I still enjoy reading very much, but by now I know that listening to books on CD between two books to read can be fun...

Monday, December 25, 2006

One-Word-Answering Game

This is another game I stumbled over while browsing a new blog. You only get one word for an answer and no explanation. You might think I'm raving mad when you finished this ... so be warned:

Yourself: complex

Your partner: non-existent

Your hair: dark

Your mother: practical

Your father: philosophical

Your favourite item: books

Your dream last night: indescribable

Your favourite drink: water

Your dream car: blue

Your dream home: apartment

The room you are in: living-room

Your ex: huh?

Your fear: injury

Where you want to be in ten years: around

Who you hung out with last night: nobody

What you're not: skinny

Muffins: sprinkled

One of your wish list items: inspiration

Time: afternoon

The last thing you did: blog-posting

What you are wearing: comfortable

Your favourite weather: stormy

Your favourite book: lots

Last thing you ate: cake

Your life: strange

Your mood: cynical

Your best friends: wonderful

What are you thinking about right now: Christmas

Your car: green

What are you doing at the moment: blog-reading

Your summer: okay

Relationship status: free

What is on your TV: movie

What is the weather like: cold

When is the last time you laughed: today

21 Christmas Questions

I've stumbled over this little quiz-game in two interesting blogs and decided to play it myself ... as it's Christmas and I'm still trying to keep my promise about not bitching until January 2nd.

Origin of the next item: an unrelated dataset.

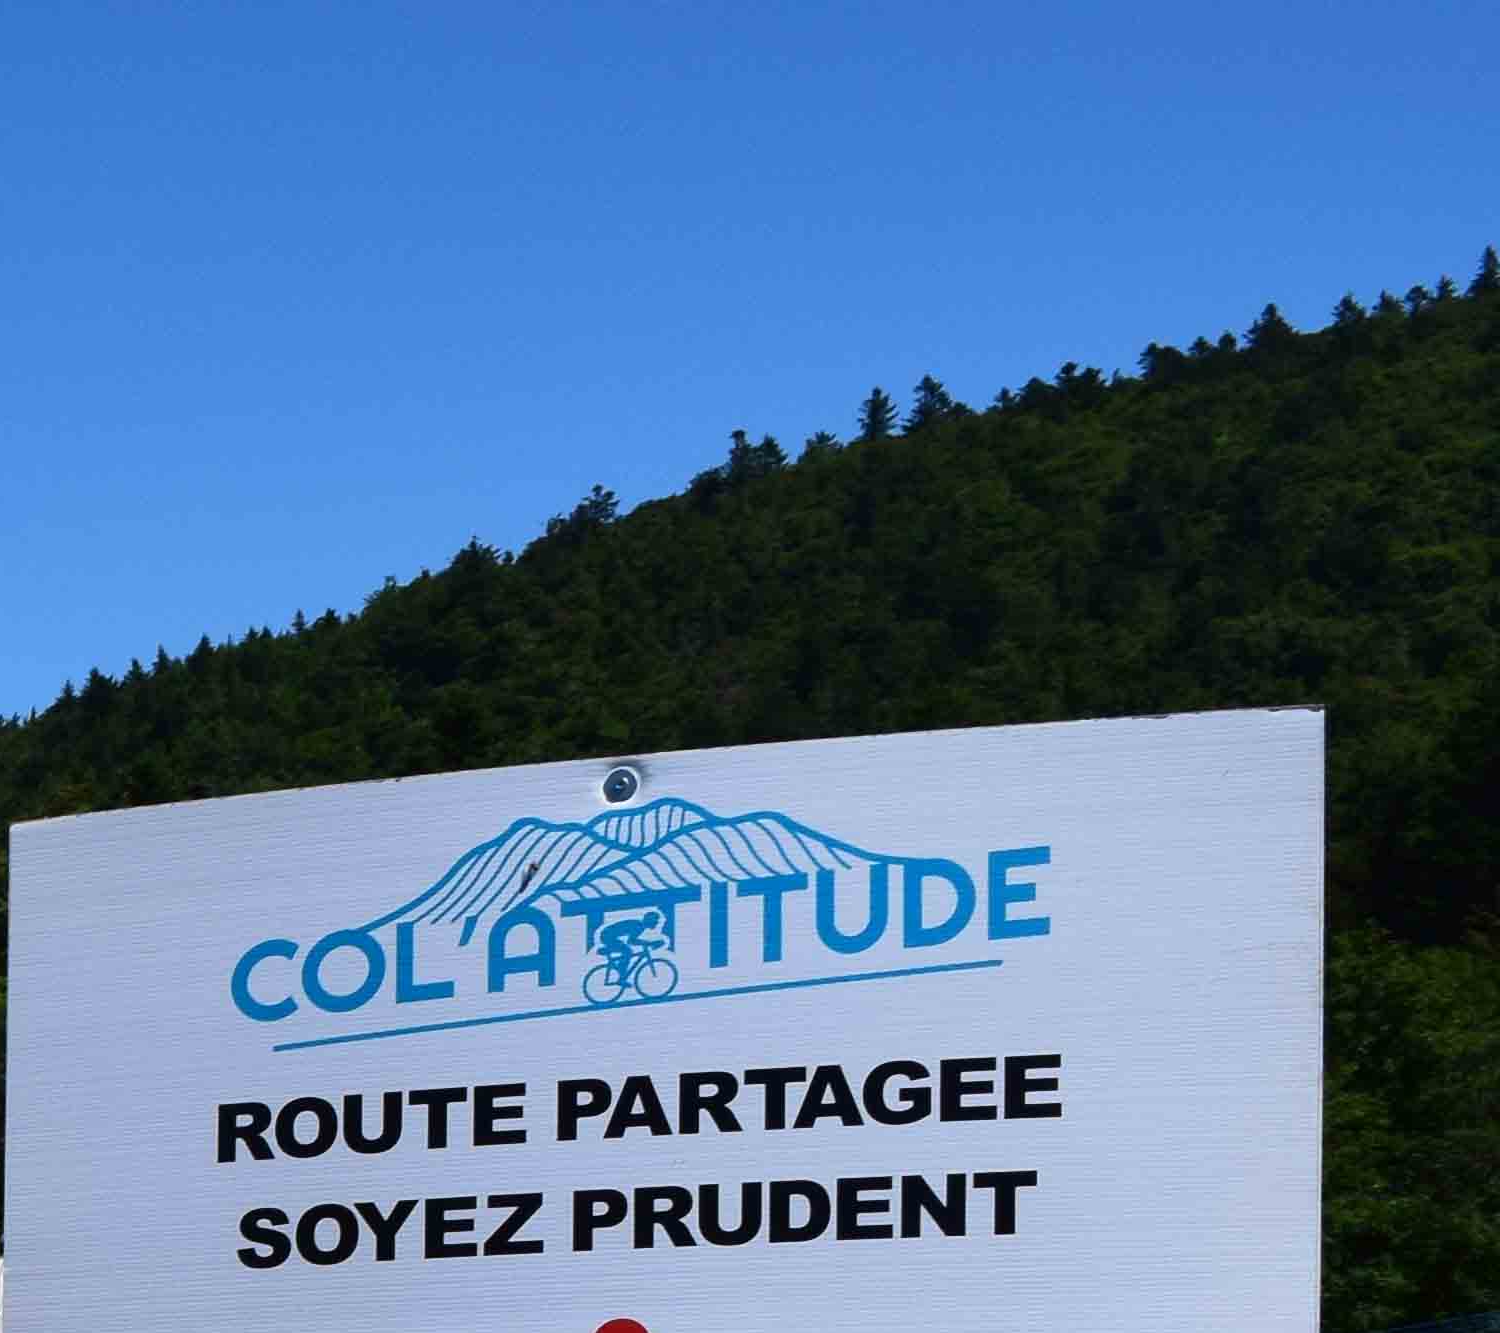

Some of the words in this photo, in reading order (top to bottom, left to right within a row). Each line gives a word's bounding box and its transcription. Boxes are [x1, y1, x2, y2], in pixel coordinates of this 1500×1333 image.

1. Eggnog or hot chocolate?

Definitely hot chocolate ... I don't like eggnog and I simply loooooove hot chocolate.

2. Does Santa wrap presents or just put them under the tree?

He just puts them under the tree, my parents and I came to an agreement about this years ago. Besides, it saves me from the trouble of learning how to wrap strangely shaped presents.

3. Coloured lights on tree/house or white?

None actually, as I don't have a tree or a house (I live in a flat). But if I had a tree, they would be coloured (blue for preference).

4. Do you hang mistletoe?

No, because that's not a tradition in Germany - and I would a) not know where to get some anyway and b) not have somebody around to kiss underneath it (boohoo).

5. When do you put your decorations up?

Never, as I don't have any (see question 3). But when I still lived at home and we had a 'proper' Christmas, we would put up some stuff at the beginning of December (like the 'Adventskranz', a wreath made of spruce-branches with four candles on it, one for each weak before Christmas), some around the last week before Christmas and the tree on the morning or early afternoon of Christmas Eve.

6. What is your favourite holiday dish (excluding dessert)?

My mother's cooked rabbit, it's always delicious. Plus, I don't have to cook it, because it comes with spending most of Christmas with my parents.

7. Favourite holiday memory as a child?

The years before my grandmother died when I was ten. It was so great when we would go around the house (my parents and some of my mother's relatives live in one house) and visit all the others, finishing with my grandmother on the ground floor. After she died, the family started to break apart.

8. When and how did you learn the truth about Santa?

Well, first of all we don't have Santa Claus in Germany, we have either the 'Weihnachtsmann' (who's very much like Santa, anyway) or the 'Christkind' (in the area of southern Germany where I live). I guess I was about seven or eight when I realized my parents actually bought the presents and put them under the tree. I wasn't really told, but I think that year I stumbled over some presents when I was playing hide and seek with somebody.

9. Do you open a gift on Christmas Eve?

All of them actually, that's the way it's done in Germany. We do get our presents on Christmas Eve.

10. How do you decorate your Christmas tree?

Not at all (see questions 3 and 5). When I was younger and we used to have a Christmas tree, we decorated it with a lot of old stuff handed down mostly since my early childhood or the first years my parents were married. We always had a green tree (duh!) with multi-coloured ball ornaments, silver lametta, two silvery stings of some fuzzy material, very pretty wooden ornaments (little toys, angels and suchlike) and white electric candles. I liked the way it looked and would decorate my tree the same way - maybe without the lametta, it's a bitch to get out of a carpet afterwards and I do have carpeted floor in my living room.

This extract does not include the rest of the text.